• Un oasis de migrantes repleto de agua y velas al lado de una carretera en Arizona, cerca de la frontera entre EE.UU. y México, 18 de febrero de 2017.
Publicada: lunes, 8 de mayo de 2017 18:23
Actualizada: martes, 9 de mayo de 2017 10:33

Los inmigrantes de EE.UU. se enfrentan a nuevas presiones. En Texas (sur), una ley permitirá a la policía pedir los documentos a todo aquel que sea detenido.

El gobernador de Texas, el republicano Greg Abbott, ha ratificado este lunes un proyecto de ley estatal que prohibirá las llamadas "ciudades santuario" en su estado, según ha informado el portal The Texas Tribune.

Esta ley incluye una enmienda que autoriza la norma conocida como "Enséñame los papeles", que permitirá a los agentes de policía comprobar el estatus migratorio de cualquier persona detenida.

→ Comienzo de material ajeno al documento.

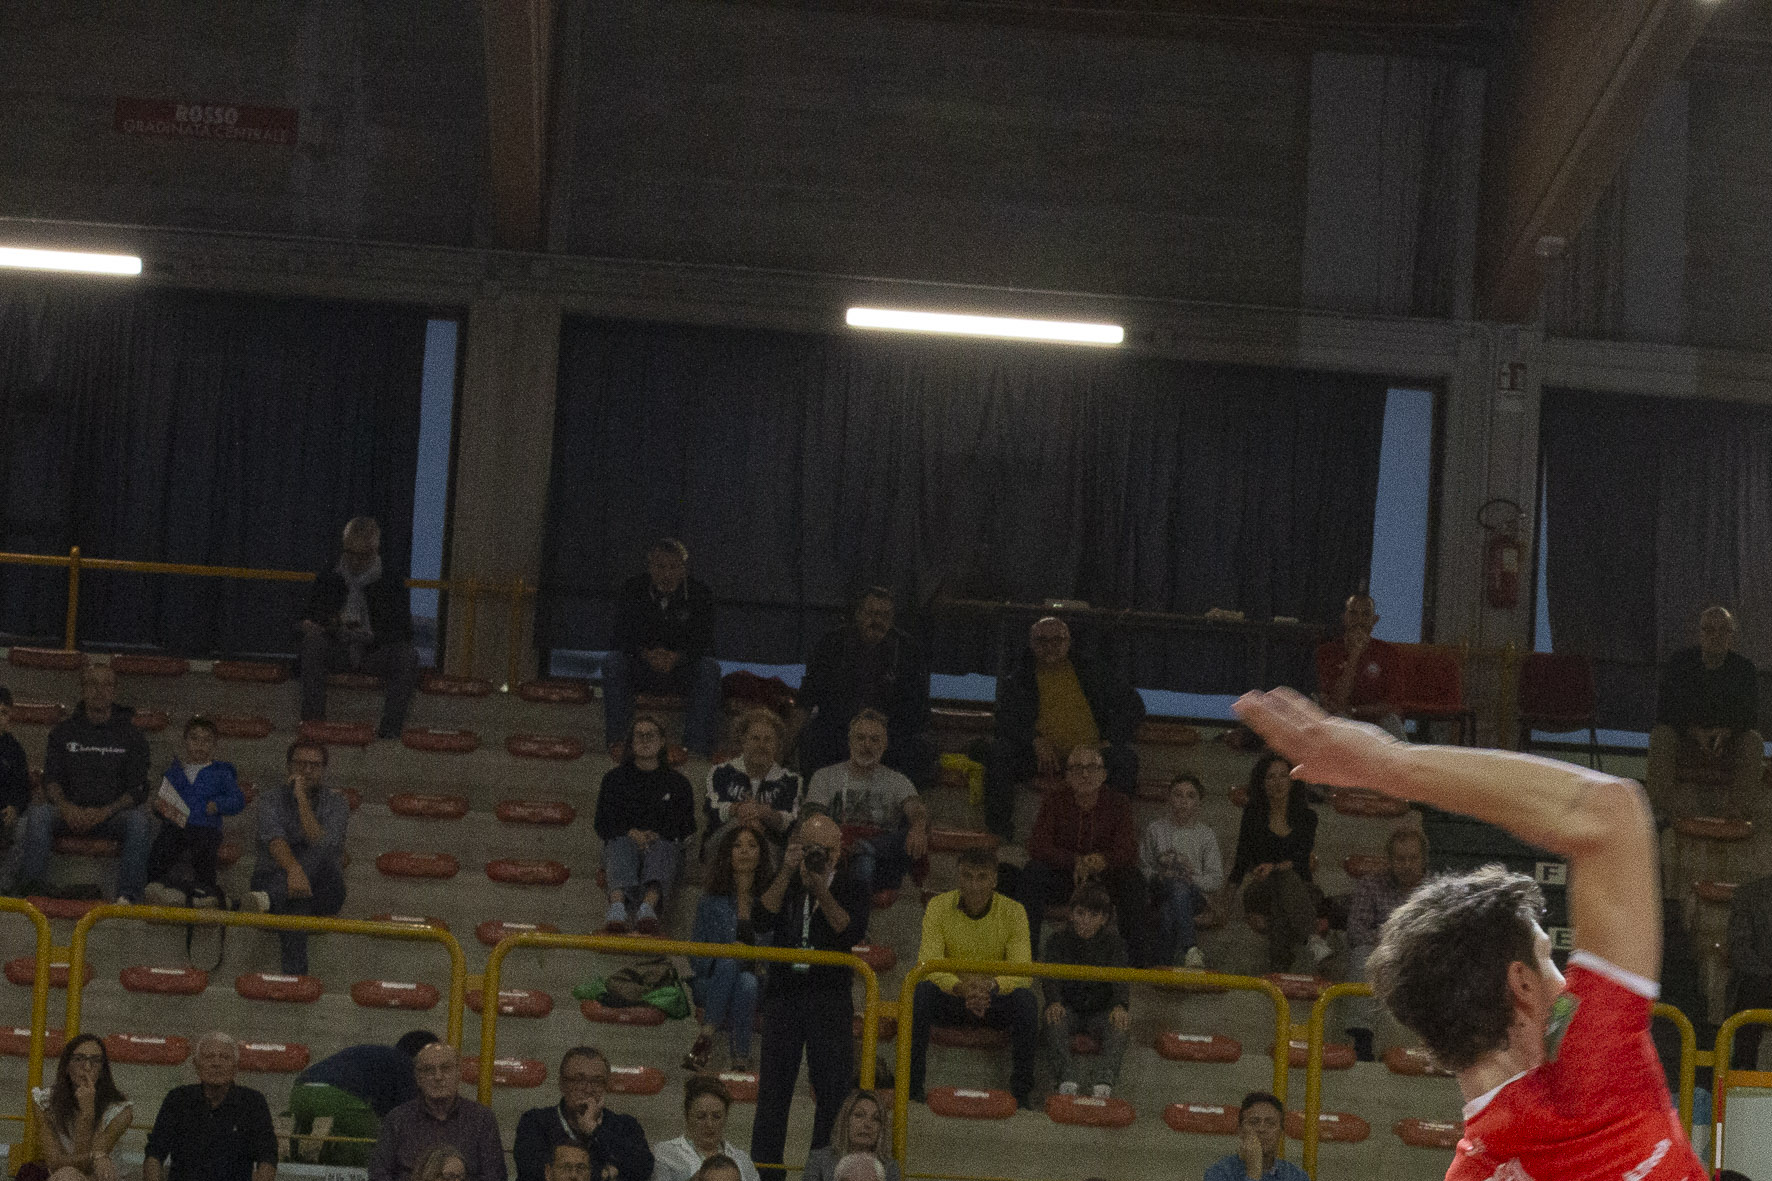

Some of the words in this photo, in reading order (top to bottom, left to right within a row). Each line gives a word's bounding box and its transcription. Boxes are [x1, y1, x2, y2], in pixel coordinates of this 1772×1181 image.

Abbott ha firmado la controvertida ley a través de su página de Facebook, mediante una retransmisión en vivo realizada desde el Capitolio de Texas. El gobernador advierte que pretende analizar tanto a los gobiernos locales como a las universidades que no cooperen con las autoridades federales en materia de inmigración para favorecer a los 'sin papeles' ocultando su situación irregular y protegerles de la deportación. 

 

Pero no solo eso, la ley SB4, que entrará en vigor el próximo 1 de septiembre, podría imponer también penas de cárcel a los sheriffs tejanos, cuyas oficinas no cooperen con el Servicio de Inmigración y Control de Aduanas (ICE, por sus siglas en inglés).

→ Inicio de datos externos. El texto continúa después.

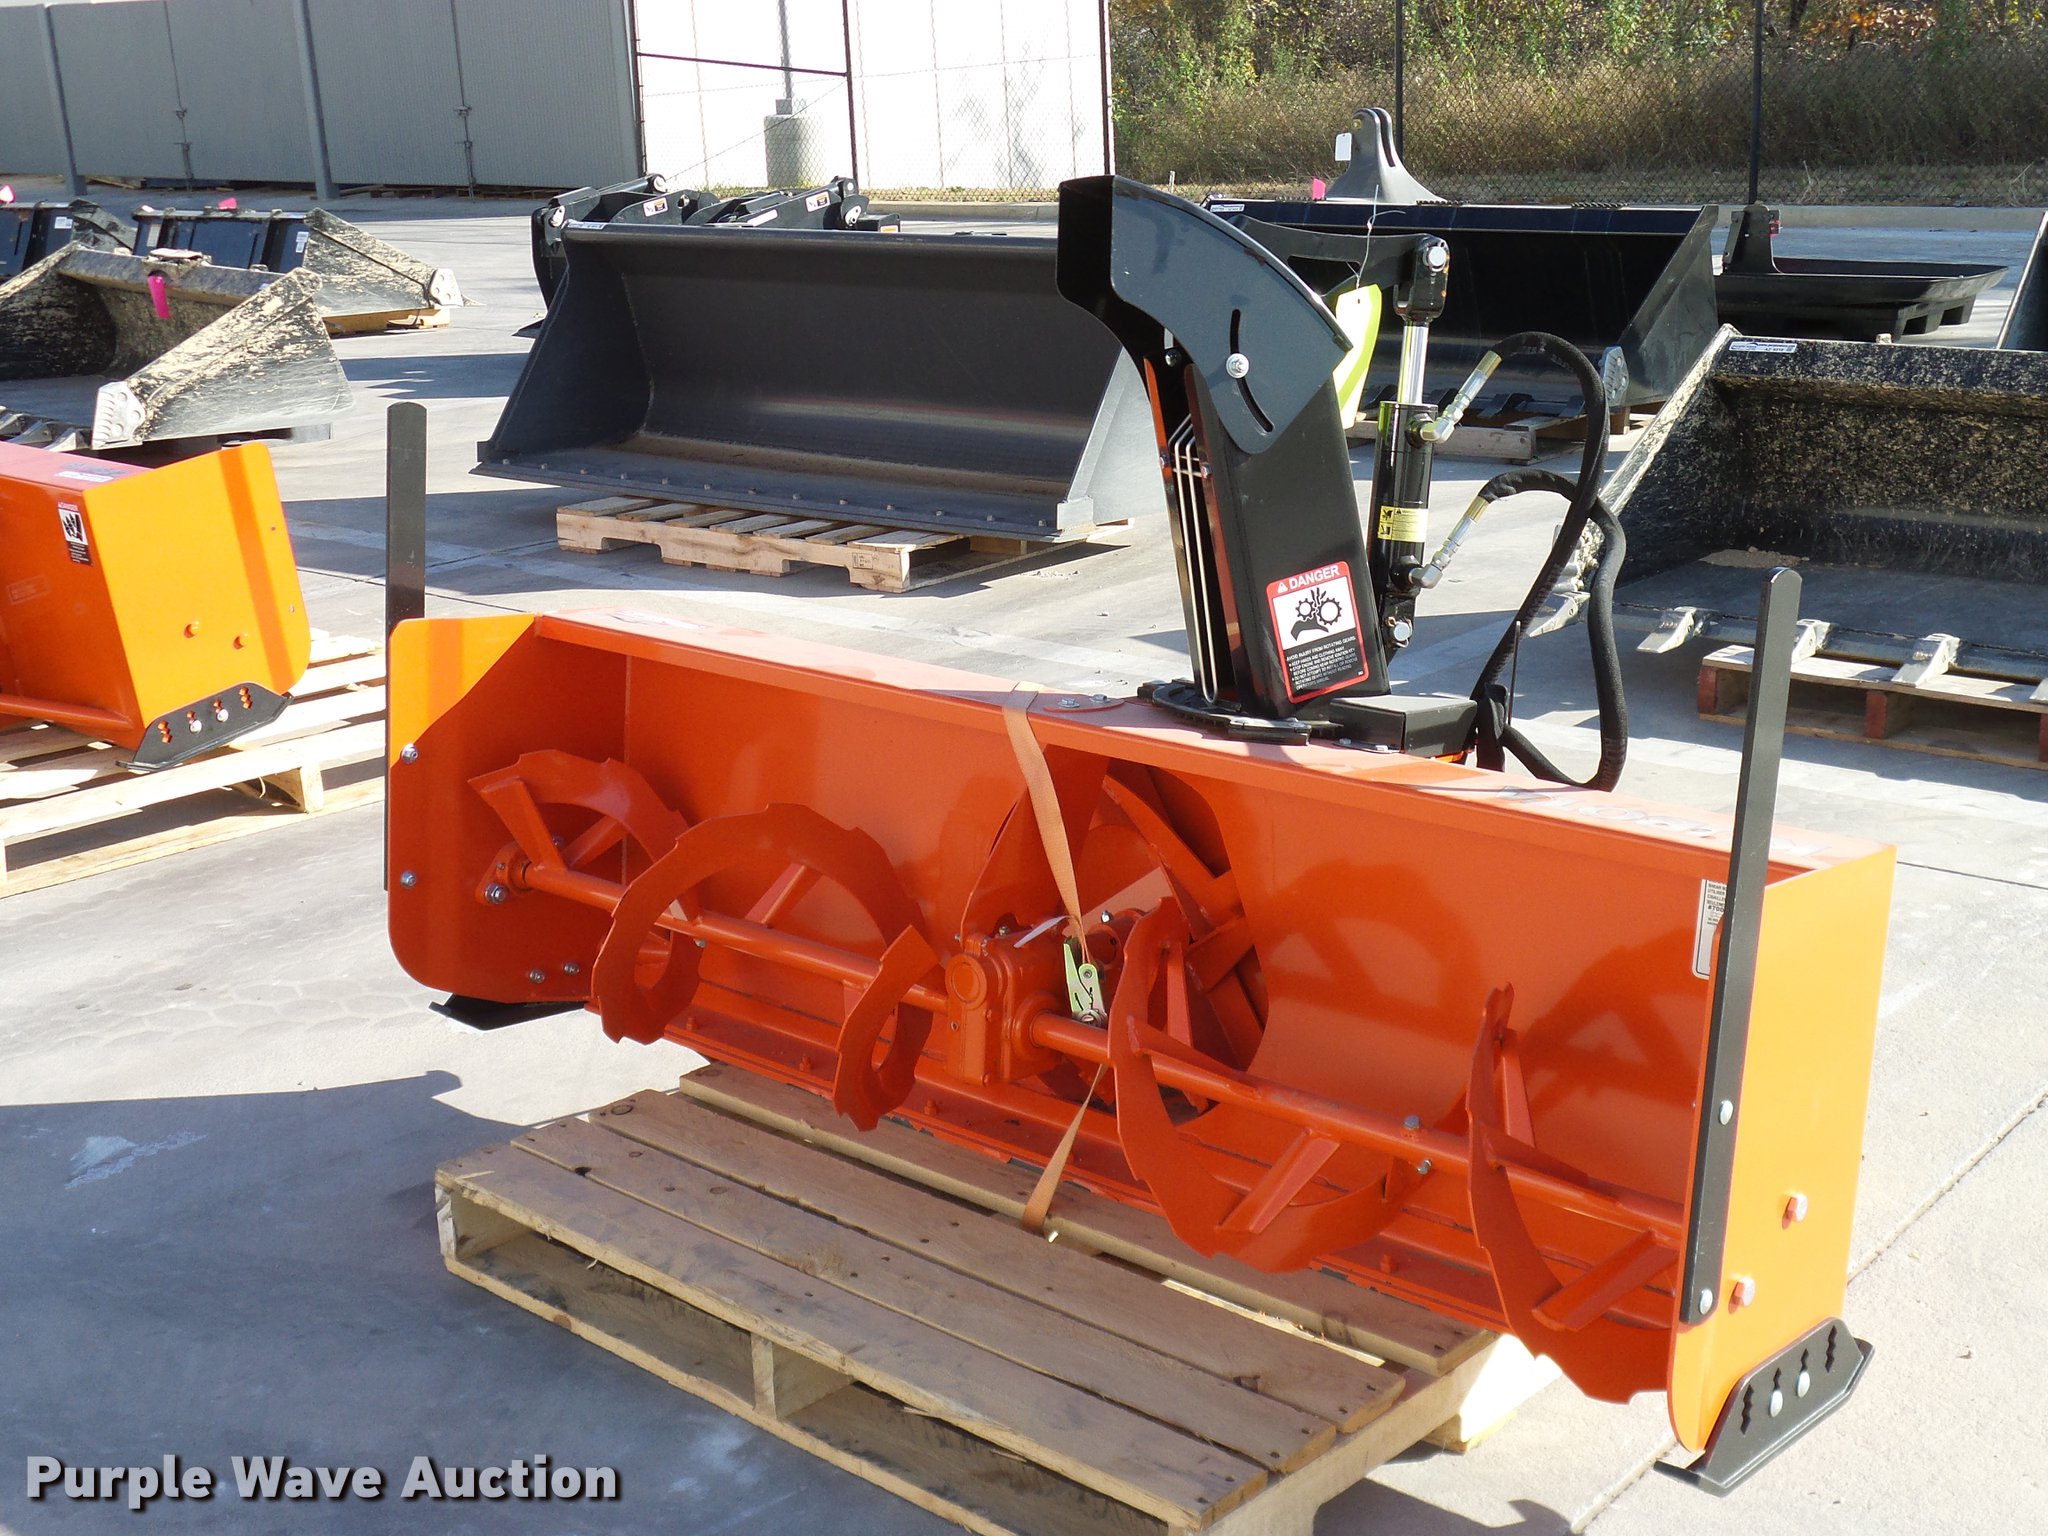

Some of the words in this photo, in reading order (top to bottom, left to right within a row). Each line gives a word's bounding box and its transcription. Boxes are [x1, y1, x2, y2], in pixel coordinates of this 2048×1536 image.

[1288, 565, 1340, 589] DANGER
[1286, 653, 1298, 661] AVOID
[1298, 649, 1311, 657] INJURY
[1323, 640, 1342, 650] ROTATING
[1321, 654, 1334, 662] REMOVE
[1293, 668, 1306, 676] BEFORE
[1329, 656, 1344, 665] ROTATING
[1307, 668, 1321, 676] ATTEMPT
[1295, 676, 1311, 685] ROTATING

La aprobación de esta polémica ley era una de las prioridades de Abbott. A pesar de haberse encontrado con la oposición de distintos sectores y asociaciones que actúan en defensa de los derechos civiles, el gobernador siempre manifestó su intención de acabar con este tipo de ciudades en el estado de Texas y reafirmó en reiteradas ocasiones que era importante hacerlo.

Los que se oponen a esta norma denuncian que estas medidas van a incrementar la situación de indefensión entre los inmigrantes indocumentados, que de ahora en adelante estarán expuestos a ser detenidos y expulsados si, por ejemplo, intentan denunciar abusos o delitos de los que hayan sido víctimas.

Desde su llegada a la Casa Blanca en enero, el presidente estadounidense, Donald Trump, ha expresado su intención de imponer medidas para expulsar a los indocumentados, mantener alejados a los migrantes y castigar a las ciudades que les dan amparo.